Effect of protein kinase C inhibitors on Cl- conductance required for volume regulation after L-alanine cotransport.

We used electronic cell sizing and Cl- efflux measurements in guinea pig jejunal enterocytes to study activation of Cl- conductance under two experimental conditions, regulatory volume decrease (RVD) after passive hypotonic swelling and volume regulation during Na(+)-alanine cotransport. RVD after a hypotonic (0.5 x isotonic) challenge was not affected by the protein kinase C (PKC) inhibitor 100 microM 1-(5-isoquinolinylsulfonyl)-2-methylpiperazine (H-7). Volume decrease after cell swelling in response to L-Ala (25 mM) was prevented by H-7 (P less than 0.05) or the more potent PKC inhibitor 10 nM staurosporine (P less than 0.001). L-Ala stimulated biphasic 36Cl efflux, a rapid efflux over 60 s which was inhibited by H-7 (P less than 0.01) and the Cl(-)-channel blocker anthracene-9-carboxylic acid (9-AC) (P less than 0.005).
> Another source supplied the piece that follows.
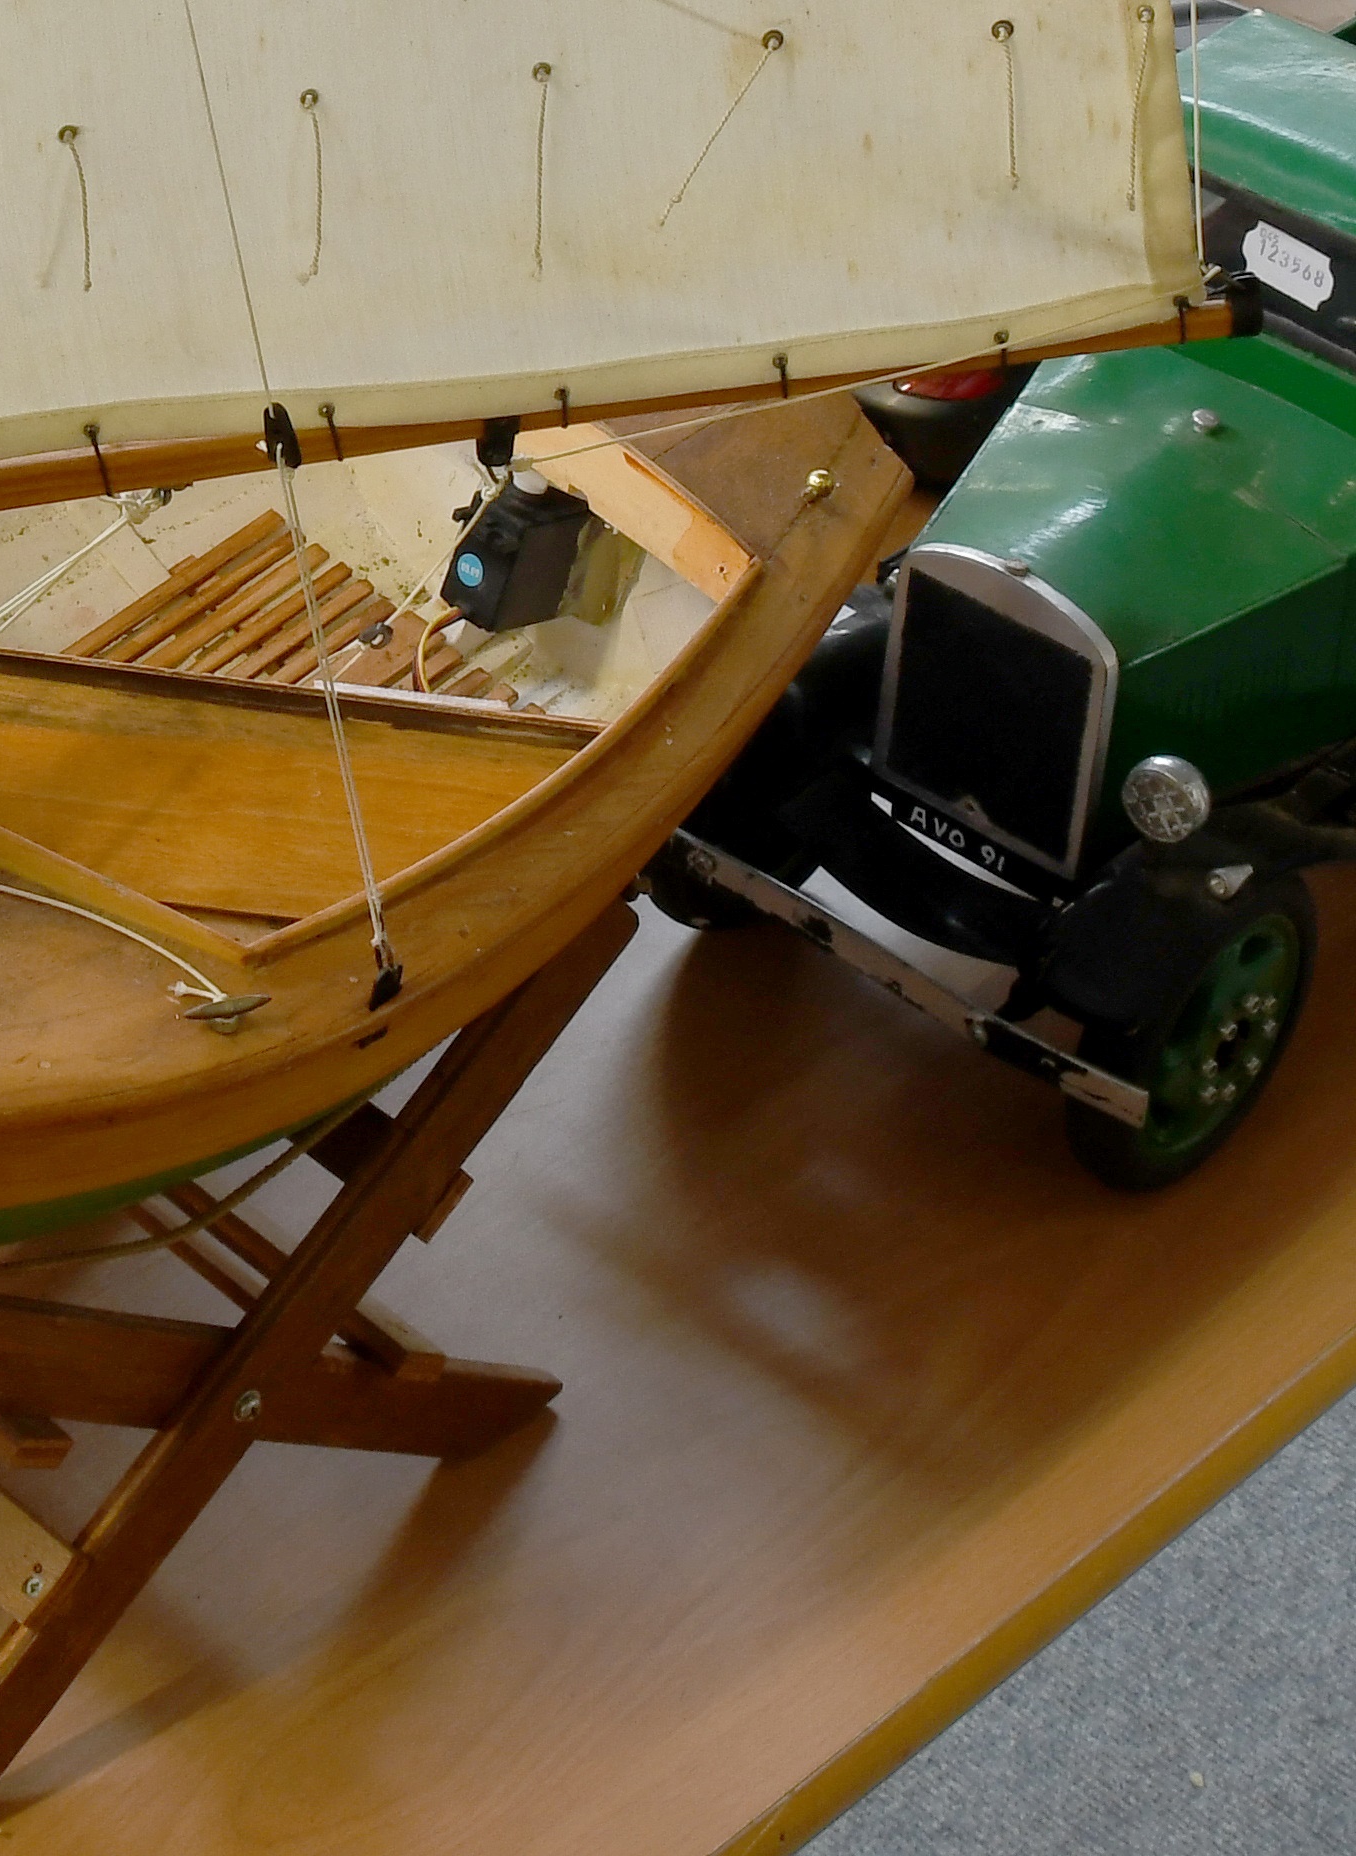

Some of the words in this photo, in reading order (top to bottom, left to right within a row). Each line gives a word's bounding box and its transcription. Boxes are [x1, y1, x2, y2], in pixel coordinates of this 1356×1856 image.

[1259, 238, 1325, 288] 123568
[910, 805, 966, 848] AVO
[980, 844, 1005, 872] 91
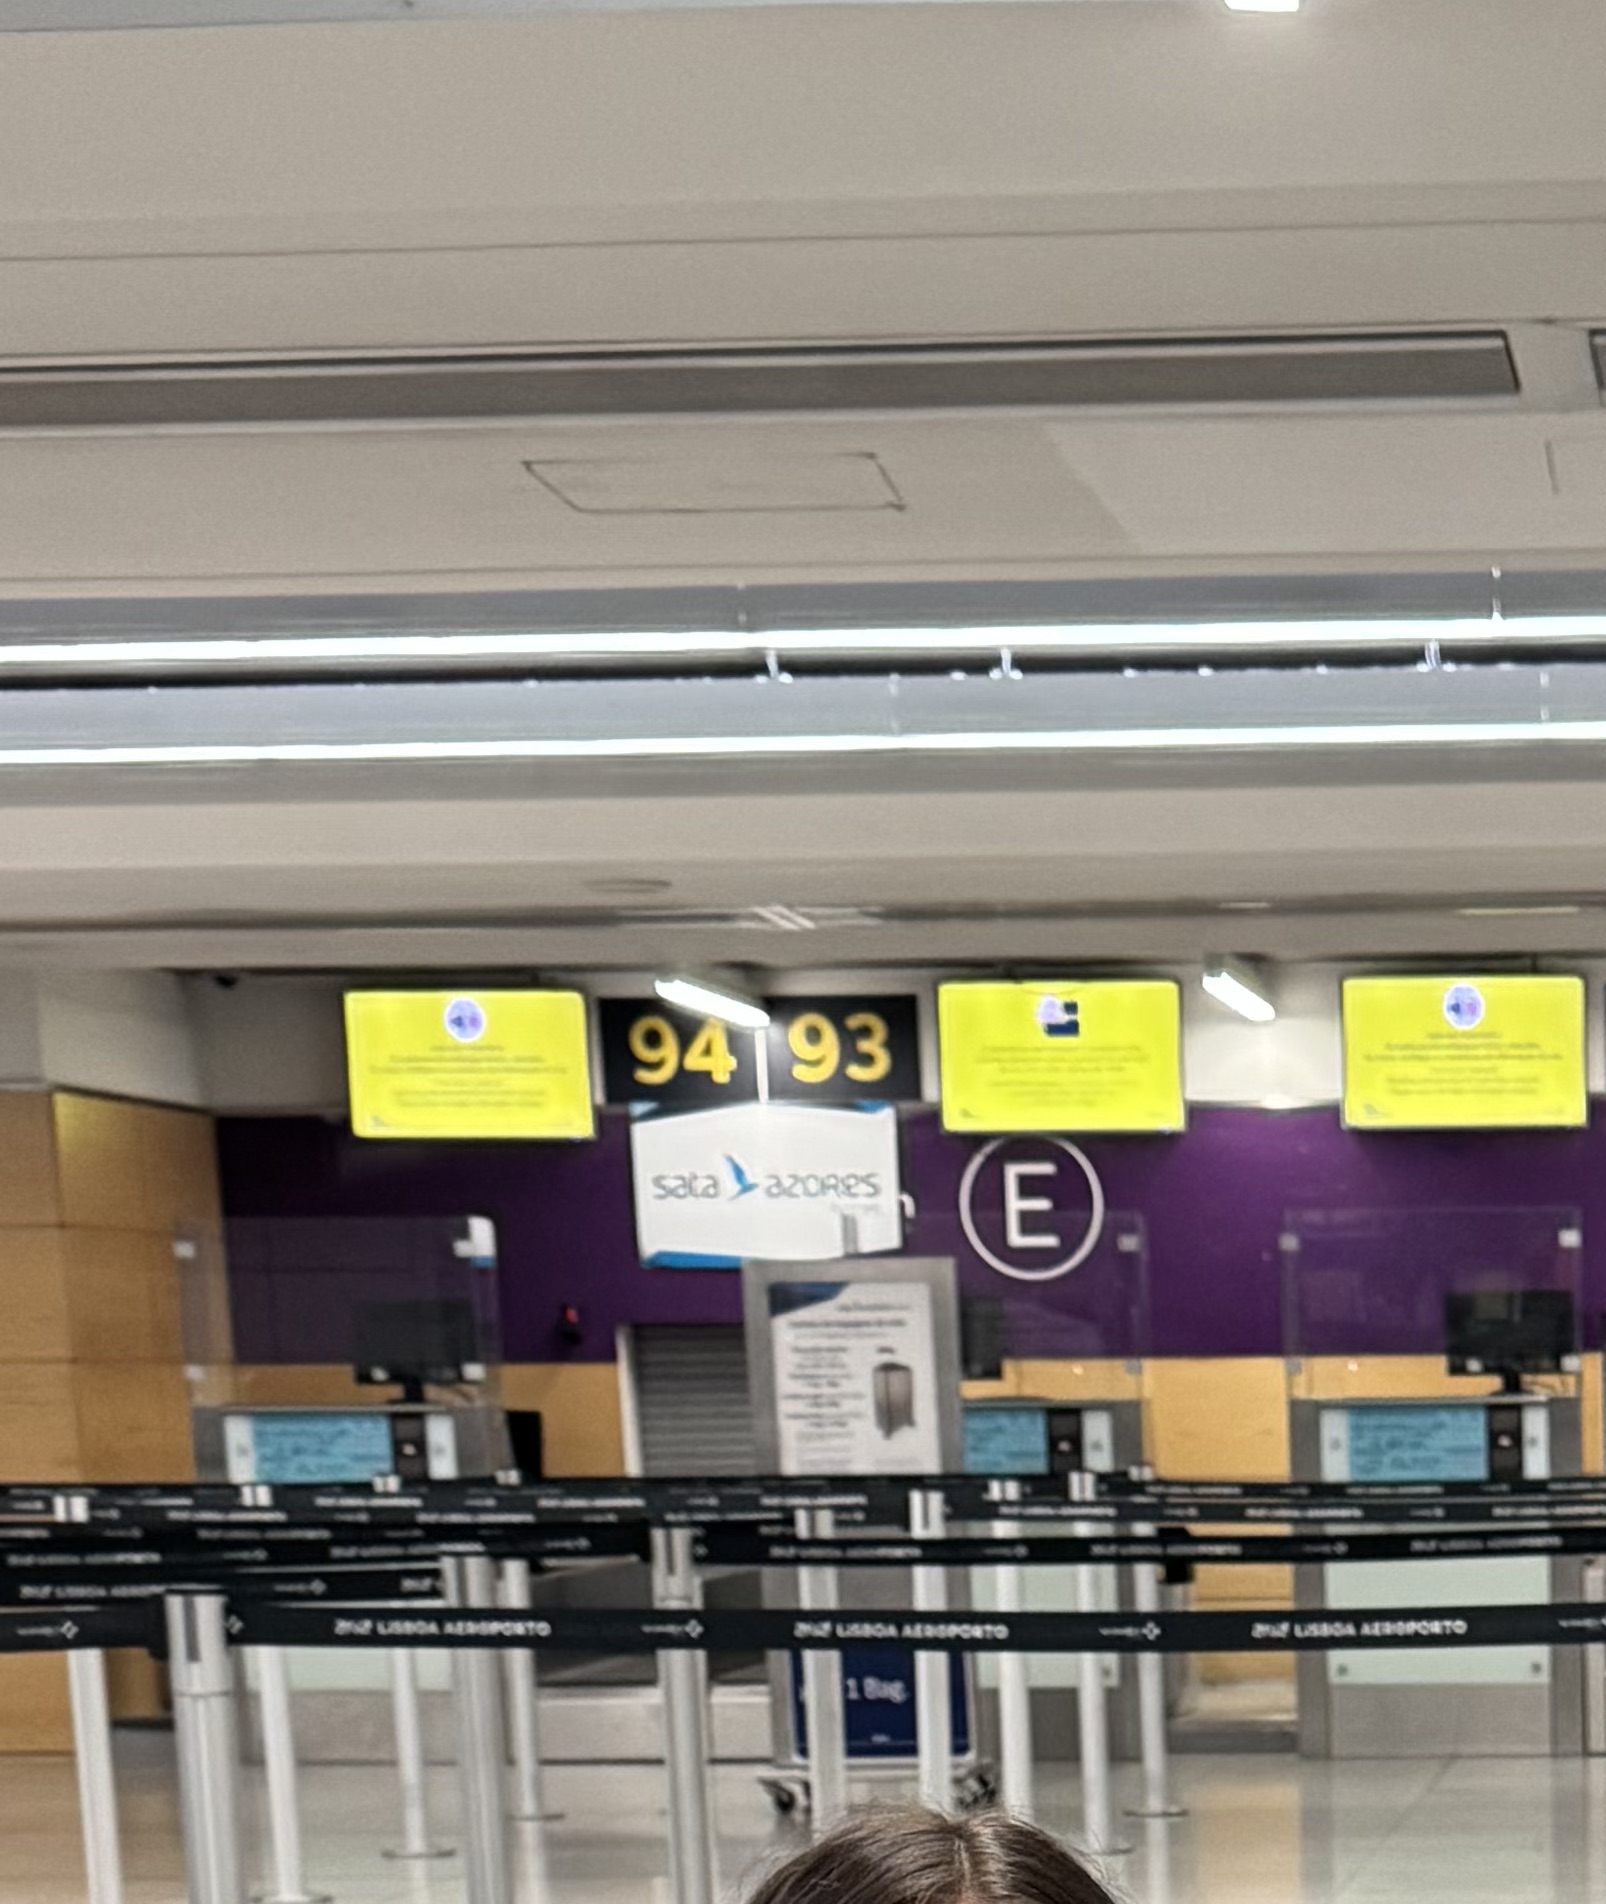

In contrast, after hypotonic dilution the rate of 36Cl efflux increased (P less than 0.005); H-7 had no effect but 9-AC inhibited the increase (P less than 0.01). Gramicidin (0.5 microM) added to cells maximally swollen by L-Ala in Cl(-)-containing medium caused 2 degree swelling (P less than 0.001), but 10 nM staurosporine reduced this 2 degree swelling (P less than 0.001). Addition of phorbol ester or synthetic diacylglycerol to villus cells under isotonic conditions, after gramicidin addition, caused cell swelling (P less than 0.005) that was inhibited by staurosporine (P less than 0.05). We concluded that PKC does not activate Cl- conductance for hypotonic RVD but that Na(+)-nutrient cotransport is a physiological stimulus for PKC to activate Cl- conductance necessary for volume regulation.